What this task involves
Copy out every entry that follows, without a single picture.

-- -- --

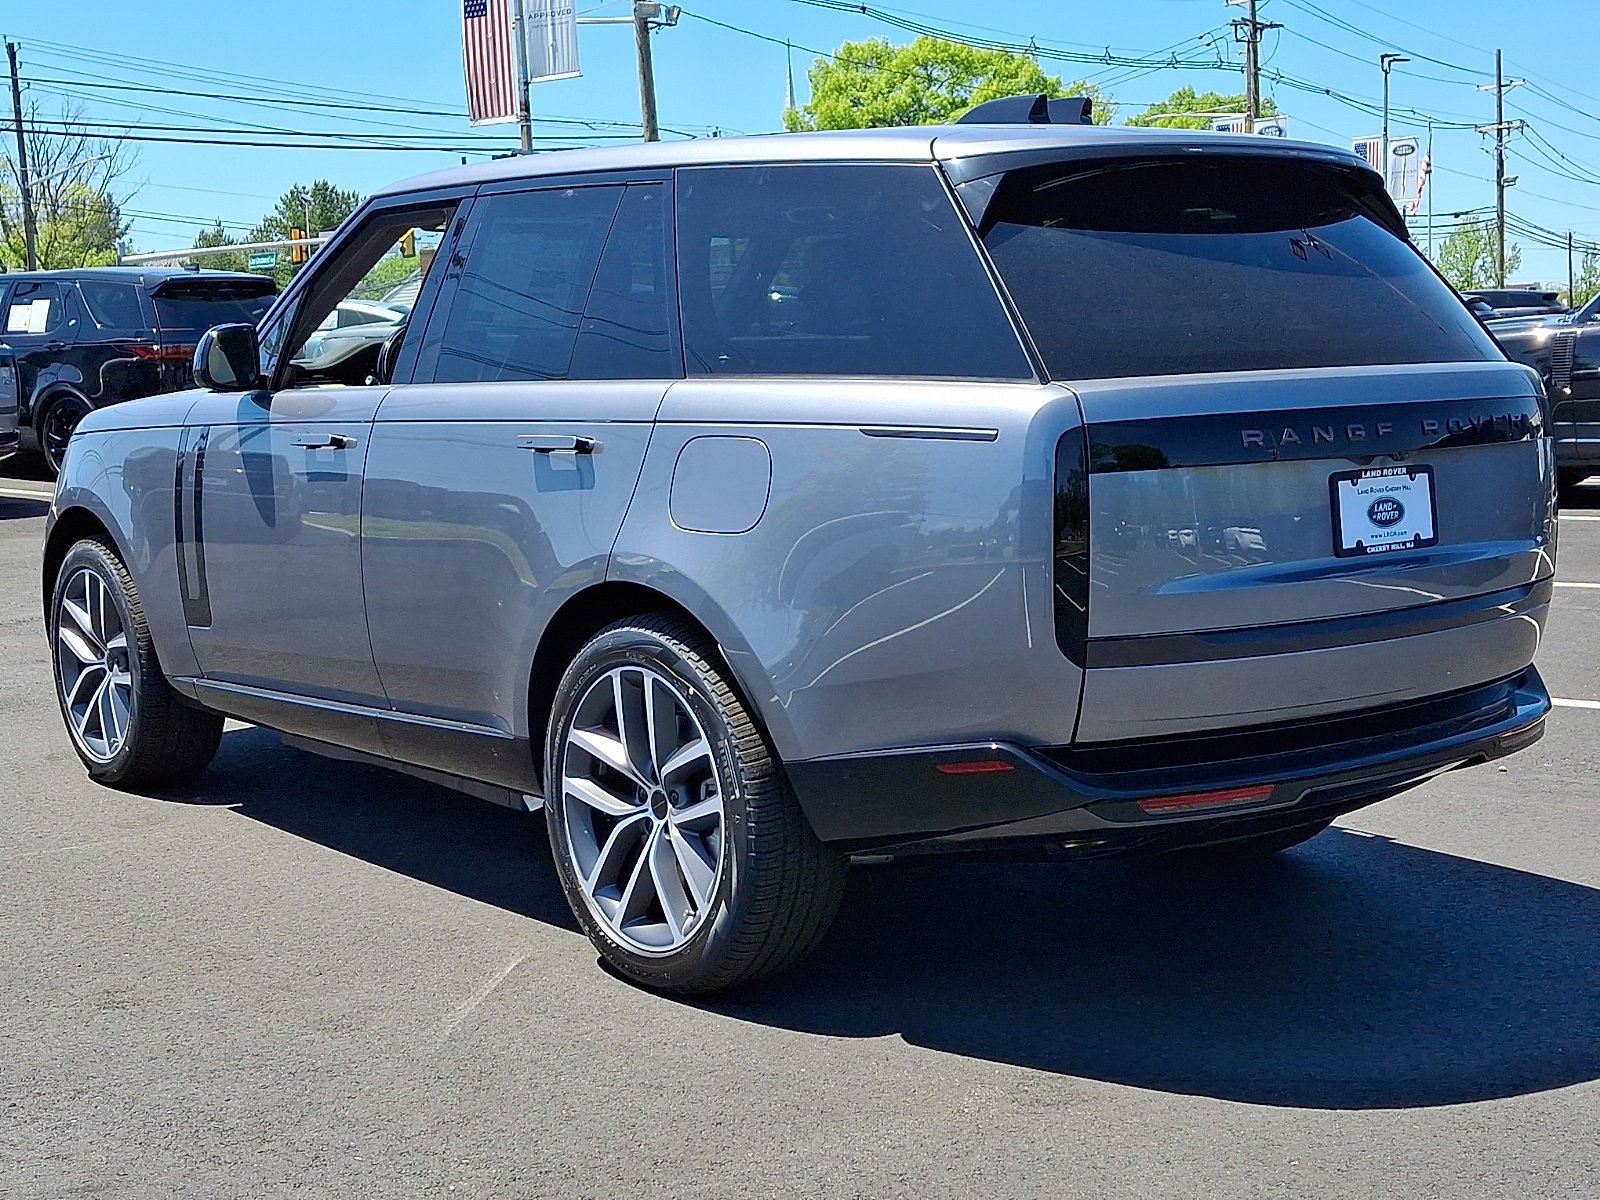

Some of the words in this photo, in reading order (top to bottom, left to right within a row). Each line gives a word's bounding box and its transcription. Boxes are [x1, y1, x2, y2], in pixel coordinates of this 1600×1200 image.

[1240, 422, 1393, 448] RANGE
[1362, 469, 1381, 478] LAND
[1383, 467, 1407, 476] ROVER
[1374, 502, 1392, 512] LAND
[1376, 511, 1399, 521] ROVER
[1367, 545, 1390, 553] CHERRY
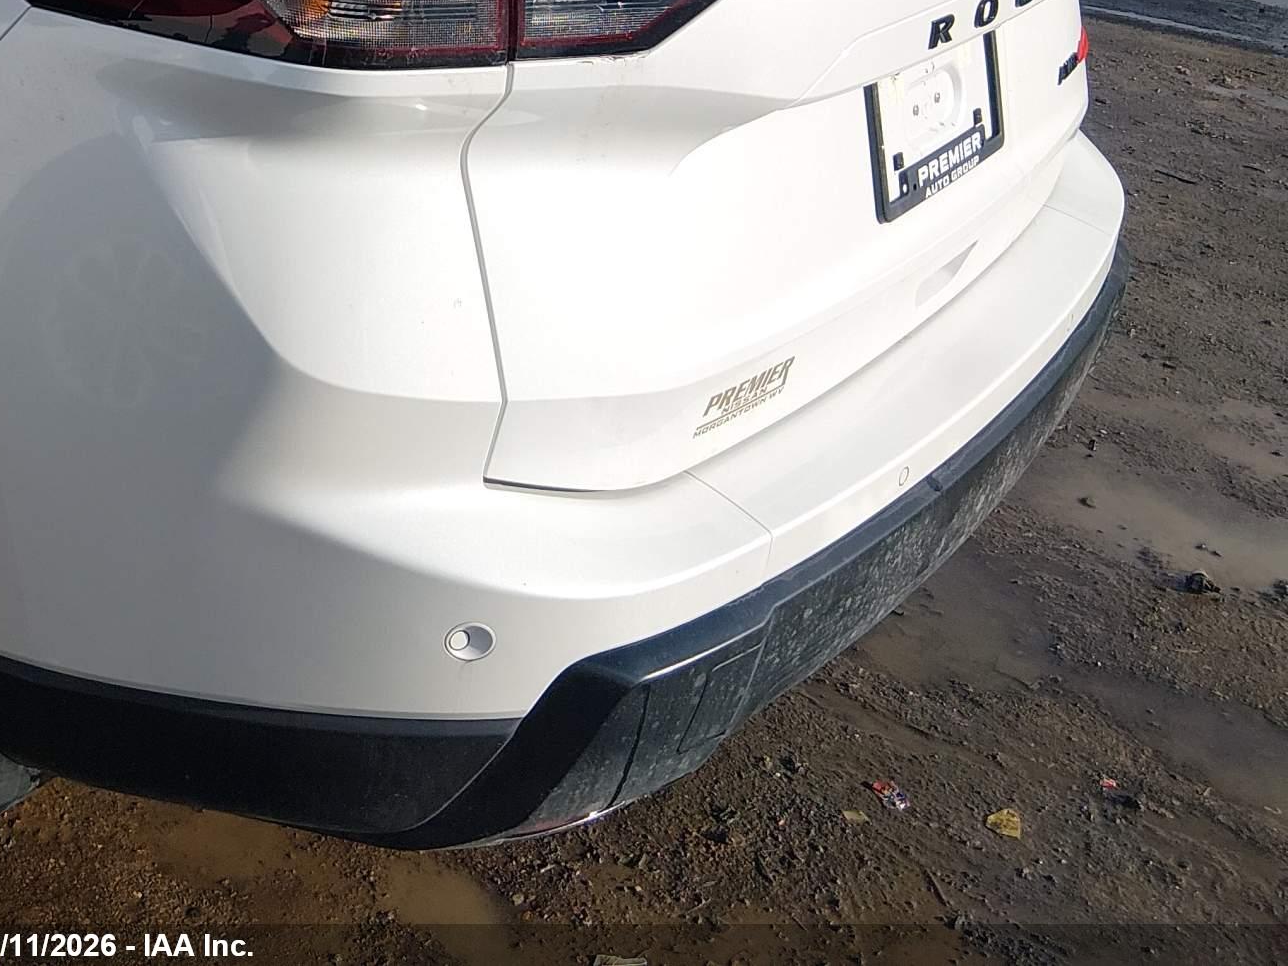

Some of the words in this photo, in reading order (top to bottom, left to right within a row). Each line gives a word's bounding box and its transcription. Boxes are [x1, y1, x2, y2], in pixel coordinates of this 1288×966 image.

[918, 131, 982, 188] PREMIER
[925, 175, 950, 199] AUTO
[951, 155, 980, 182] GROUP
[702, 356, 795, 418] PREMIER
[721, 386, 768, 415] NISSAN
[692, 396, 767, 439] MORGANTOWN

-- -- --

Output for this exercise
Some of the words in this photo, in reading order (top to bottom, left to right within a row). Each line gives a word's bounding box and its transcription. Boxes are [x1, y1, x2, y2], in pixel coordinates of this 1600×1200 image.

[1240, 422, 1393, 448] RANGE
[1362, 469, 1381, 478] LAND
[1383, 467, 1407, 476] ROVER
[1374, 502, 1392, 512] LAND
[1376, 511, 1399, 521] ROVER
[1367, 545, 1390, 553] CHERRY

Some of the words in this photo, in reading order (top to bottom, left to right within a row). Each line gives a word's bounding box and its transcription. Boxes are [x1, y1, x2, y2], in pixel coordinates of this 1288×966 image.

[918, 131, 982, 188] PREMIER
[925, 175, 950, 199] AUTO
[951, 155, 980, 182] GROUP
[702, 356, 795, 418] PREMIER
[721, 386, 768, 415] NISSAN
[692, 396, 767, 439] MORGANTOWN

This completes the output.